Rising Stars 2020:

Amy Zhang

PhD Candidate

McGill University / Mila Institute, Quebec


Areas of Interest

  • Artificial Intelligence
  • Control, Intelligent Systems, and Robotics
  • Reinforcement Learning

Poster

Learning Invariant Representations for Reinforcement Learning without Reconstruction

Abstract

We study how representation learning can accelerate reinforcement learning from rich observations, such as images, without relying either on domain knowledge or pixel-reconstruction. Our goal is to learn representations that both provide for effective downstream control and invariance to task-irrelevant details. Bisimulation metrics quantify behavioral similarity between states in continuous MDPs, which we propose using to learn robust latent representations which encode only the task-relevant information from observations.

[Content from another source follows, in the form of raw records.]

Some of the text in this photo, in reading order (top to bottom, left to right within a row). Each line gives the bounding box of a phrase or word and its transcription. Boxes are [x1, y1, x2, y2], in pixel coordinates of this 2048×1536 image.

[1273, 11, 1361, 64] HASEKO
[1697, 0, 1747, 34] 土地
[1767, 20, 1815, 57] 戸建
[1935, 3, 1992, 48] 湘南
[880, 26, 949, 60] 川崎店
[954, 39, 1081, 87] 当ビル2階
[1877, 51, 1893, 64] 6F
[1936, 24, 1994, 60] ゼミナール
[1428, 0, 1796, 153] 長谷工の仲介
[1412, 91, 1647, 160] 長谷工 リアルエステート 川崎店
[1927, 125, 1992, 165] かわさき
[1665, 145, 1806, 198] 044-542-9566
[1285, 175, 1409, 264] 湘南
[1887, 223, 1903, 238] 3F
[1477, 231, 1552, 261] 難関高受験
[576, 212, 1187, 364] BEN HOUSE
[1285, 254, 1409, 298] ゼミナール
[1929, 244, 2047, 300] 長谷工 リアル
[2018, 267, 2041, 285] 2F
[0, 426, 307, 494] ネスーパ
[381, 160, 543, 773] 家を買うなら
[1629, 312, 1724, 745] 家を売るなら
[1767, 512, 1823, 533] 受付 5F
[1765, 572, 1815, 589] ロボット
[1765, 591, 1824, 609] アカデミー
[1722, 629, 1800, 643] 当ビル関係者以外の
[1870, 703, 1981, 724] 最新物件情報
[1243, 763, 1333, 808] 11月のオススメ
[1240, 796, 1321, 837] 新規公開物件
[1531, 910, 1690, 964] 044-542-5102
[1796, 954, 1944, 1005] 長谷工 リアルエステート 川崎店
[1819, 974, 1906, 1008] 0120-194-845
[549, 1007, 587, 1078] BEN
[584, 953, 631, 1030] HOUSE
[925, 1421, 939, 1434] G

Our method trains encoders such that distances in latent space equal bisimulation distances in state space. We demonstrate the effectiveness of our method at disregarding task-irrelevant information using modified visual MuJoCo tasks, where the background is replaced with moving distractors and natural videos, while achieving SOTA performance. We also test a first-person highway driving task where our method learns invariance to clouds, weather, and time of day. Finally, we provide generalization results drawn from properties of bisimulation metrics, and links to causal inference.

Bio

I am a final year PhD candidate at McGill University and the Mila Institute, co-supervised by Joelle Pineau and Doina Precup. I work on state abstractions and learning representations for generalization in reinforcement learning. I have an M.Eng. in EECS and dual B.Sci. degrees in Mathematics and EECS from MIT.